Saturday, November 26, 2011

riffday: homeless, ulysses and jigsaw puzzles

Well, I'm posting every day but I'm not sure it counts since this week has been mostly filler posts.  here's another one, and after Nell goes back to Seattle tomorrow maybe I will have time for something more interesting.  We closed on the sale of our house yesterday, but for some reason the title company wouldn't let us do both closings on the same day, so the closing for the purchase of the new house isn't until Monday.  We are temporarily renters and not homeowners.  We are also--for the weekend-- the richest we've ever been, because technically speaking we have the proceeds of the sale of this house but haven't bought the new one yet.  Woo-hoo!!  Maybe we'll go to Starbucks and get a vente to celebrate.

Part of what I've been working on with Ulysses is a hypermedia (web) version of Ulysses.

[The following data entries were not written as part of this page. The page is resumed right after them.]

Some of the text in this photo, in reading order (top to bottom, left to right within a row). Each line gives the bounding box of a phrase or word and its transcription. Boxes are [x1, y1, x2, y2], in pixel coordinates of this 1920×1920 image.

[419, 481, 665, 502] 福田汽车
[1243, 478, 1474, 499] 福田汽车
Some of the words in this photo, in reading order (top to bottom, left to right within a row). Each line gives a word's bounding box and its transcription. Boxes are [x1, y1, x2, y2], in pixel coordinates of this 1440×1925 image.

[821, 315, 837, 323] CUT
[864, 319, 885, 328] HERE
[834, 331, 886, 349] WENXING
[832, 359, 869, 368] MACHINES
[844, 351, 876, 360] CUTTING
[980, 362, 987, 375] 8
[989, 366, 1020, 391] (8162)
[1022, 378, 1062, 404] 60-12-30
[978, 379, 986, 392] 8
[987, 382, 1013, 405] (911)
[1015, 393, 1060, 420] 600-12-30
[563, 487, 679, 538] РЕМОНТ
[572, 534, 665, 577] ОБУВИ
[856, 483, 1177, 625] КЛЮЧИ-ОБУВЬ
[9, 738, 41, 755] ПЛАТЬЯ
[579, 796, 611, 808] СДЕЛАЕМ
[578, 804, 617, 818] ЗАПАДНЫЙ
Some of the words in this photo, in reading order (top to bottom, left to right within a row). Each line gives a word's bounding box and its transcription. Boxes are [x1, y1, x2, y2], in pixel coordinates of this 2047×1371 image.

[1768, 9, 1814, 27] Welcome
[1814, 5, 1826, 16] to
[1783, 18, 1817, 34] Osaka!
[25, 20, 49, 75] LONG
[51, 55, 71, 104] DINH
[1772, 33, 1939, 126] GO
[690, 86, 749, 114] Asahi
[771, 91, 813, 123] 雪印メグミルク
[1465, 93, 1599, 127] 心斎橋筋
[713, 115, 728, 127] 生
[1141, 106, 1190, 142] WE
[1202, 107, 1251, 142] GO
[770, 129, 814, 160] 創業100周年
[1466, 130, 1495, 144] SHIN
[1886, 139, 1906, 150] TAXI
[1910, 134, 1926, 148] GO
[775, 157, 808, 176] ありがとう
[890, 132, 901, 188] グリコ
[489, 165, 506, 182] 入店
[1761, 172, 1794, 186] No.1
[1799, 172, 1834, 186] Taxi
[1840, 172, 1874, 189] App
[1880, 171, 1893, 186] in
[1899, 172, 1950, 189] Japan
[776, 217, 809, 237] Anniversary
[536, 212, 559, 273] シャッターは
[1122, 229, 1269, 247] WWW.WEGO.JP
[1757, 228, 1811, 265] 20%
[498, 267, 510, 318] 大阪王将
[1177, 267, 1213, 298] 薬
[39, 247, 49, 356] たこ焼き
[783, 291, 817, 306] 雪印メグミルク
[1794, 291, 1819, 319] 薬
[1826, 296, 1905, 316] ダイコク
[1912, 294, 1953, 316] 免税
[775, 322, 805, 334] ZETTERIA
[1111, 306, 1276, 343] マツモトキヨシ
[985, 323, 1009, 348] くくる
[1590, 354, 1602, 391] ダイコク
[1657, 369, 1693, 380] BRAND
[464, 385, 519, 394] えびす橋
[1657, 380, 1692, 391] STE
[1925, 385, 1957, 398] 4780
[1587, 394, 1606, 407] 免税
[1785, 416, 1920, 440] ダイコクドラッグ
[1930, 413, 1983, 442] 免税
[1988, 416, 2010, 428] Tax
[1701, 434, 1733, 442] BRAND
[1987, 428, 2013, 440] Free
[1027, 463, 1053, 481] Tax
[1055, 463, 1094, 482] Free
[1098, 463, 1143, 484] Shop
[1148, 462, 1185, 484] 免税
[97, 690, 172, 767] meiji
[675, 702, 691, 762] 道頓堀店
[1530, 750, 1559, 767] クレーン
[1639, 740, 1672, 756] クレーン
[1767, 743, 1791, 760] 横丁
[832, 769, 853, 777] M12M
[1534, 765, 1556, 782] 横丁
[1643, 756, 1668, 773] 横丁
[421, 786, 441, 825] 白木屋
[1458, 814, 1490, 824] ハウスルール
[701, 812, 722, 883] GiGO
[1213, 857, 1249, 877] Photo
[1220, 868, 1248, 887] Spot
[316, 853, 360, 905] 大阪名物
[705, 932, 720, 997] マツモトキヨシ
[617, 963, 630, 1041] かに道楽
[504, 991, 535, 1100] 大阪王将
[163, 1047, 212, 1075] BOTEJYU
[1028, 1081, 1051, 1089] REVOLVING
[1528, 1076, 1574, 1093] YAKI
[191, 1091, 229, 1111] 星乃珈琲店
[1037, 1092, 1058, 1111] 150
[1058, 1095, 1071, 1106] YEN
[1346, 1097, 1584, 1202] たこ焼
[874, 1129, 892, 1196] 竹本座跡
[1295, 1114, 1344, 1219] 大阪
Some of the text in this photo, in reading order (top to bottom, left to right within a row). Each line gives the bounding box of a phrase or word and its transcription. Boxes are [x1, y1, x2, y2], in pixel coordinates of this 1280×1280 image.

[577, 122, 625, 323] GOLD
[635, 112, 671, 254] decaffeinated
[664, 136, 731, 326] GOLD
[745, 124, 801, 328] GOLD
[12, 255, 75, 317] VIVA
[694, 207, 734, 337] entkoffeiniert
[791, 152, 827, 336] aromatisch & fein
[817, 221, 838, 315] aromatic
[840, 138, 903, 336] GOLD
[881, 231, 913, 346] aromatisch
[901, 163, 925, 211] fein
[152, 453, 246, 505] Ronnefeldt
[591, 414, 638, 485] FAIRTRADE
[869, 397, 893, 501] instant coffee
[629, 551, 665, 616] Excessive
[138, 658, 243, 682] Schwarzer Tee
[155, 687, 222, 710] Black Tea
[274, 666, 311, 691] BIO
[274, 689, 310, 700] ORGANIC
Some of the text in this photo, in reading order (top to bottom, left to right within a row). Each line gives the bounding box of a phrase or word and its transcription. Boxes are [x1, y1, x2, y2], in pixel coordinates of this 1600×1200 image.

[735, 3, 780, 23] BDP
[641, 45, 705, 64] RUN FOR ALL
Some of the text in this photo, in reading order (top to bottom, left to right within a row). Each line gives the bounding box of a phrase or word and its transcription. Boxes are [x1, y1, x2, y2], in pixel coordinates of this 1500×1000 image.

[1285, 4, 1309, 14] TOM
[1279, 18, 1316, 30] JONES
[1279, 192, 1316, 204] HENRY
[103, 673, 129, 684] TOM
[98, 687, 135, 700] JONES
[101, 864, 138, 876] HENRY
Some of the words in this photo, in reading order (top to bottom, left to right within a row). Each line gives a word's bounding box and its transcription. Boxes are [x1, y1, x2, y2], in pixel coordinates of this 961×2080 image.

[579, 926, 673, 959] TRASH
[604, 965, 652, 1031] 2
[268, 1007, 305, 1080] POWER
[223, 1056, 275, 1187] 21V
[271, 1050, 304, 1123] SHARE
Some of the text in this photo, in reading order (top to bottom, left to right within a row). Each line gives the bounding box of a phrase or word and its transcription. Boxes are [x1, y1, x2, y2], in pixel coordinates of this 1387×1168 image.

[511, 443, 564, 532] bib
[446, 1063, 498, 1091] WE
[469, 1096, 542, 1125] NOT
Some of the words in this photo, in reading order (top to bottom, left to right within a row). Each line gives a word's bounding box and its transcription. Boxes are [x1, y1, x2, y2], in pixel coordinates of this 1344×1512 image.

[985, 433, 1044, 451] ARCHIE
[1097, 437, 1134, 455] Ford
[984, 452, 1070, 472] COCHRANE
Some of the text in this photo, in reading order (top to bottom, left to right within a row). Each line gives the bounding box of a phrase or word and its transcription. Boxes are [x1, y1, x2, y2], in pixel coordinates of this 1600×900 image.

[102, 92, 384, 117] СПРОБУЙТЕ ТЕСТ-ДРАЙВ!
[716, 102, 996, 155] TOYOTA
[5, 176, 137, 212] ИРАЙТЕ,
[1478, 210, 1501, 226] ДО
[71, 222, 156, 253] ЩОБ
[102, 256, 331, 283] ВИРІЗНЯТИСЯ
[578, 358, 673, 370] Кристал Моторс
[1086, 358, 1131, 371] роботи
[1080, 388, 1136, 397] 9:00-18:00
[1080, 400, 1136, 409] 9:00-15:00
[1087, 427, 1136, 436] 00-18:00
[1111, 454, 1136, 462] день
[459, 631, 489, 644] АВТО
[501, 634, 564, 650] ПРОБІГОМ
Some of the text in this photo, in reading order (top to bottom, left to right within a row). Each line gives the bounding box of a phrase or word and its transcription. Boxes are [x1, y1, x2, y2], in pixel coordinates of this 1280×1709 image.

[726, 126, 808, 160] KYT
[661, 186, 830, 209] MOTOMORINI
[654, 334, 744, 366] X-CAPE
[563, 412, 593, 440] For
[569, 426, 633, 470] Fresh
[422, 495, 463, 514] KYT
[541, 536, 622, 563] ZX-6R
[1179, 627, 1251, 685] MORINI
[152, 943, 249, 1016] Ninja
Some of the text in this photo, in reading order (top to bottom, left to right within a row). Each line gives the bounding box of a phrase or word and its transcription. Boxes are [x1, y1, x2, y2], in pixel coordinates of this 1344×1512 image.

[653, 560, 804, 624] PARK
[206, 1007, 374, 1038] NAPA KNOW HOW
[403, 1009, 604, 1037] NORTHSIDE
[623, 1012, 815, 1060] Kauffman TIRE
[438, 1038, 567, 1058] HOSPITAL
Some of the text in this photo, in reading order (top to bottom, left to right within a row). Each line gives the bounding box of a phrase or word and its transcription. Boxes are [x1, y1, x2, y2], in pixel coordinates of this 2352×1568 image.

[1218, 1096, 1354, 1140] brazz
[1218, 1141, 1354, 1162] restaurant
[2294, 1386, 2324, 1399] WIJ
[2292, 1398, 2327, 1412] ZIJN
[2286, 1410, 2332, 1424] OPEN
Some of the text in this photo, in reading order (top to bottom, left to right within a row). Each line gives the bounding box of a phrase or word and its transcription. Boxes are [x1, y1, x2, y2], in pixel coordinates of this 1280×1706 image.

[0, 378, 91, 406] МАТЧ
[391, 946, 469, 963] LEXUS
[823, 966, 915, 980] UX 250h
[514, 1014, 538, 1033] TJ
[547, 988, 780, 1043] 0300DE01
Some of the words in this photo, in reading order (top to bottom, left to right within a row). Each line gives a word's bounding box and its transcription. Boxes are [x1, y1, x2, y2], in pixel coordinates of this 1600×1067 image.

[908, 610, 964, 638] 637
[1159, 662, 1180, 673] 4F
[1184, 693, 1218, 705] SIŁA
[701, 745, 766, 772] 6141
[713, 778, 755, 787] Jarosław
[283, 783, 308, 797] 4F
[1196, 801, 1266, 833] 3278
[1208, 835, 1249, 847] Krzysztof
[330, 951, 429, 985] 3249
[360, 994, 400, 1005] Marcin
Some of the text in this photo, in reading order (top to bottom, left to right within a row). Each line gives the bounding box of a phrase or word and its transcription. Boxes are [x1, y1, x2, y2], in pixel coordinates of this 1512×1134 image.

Eventually it will have annotations, maps, audio, etc.  It's very cool.  Have I talked about this before?  I'd give you the link, but I don't want them to be able to link back here to my blog, so it will have to wait.  Anyway, my part of it has been preparing the text so that it can be displayed in HTML.  I did the first 12 episodes during my independent study last spring, and two more over the summer.  The fifteenth episode, Circe, is 150 pages long, far longer than any of the other episodes.  I've worked on it off and on all semester and finally finished it yesterday.  PHEW.  It was a bugger. 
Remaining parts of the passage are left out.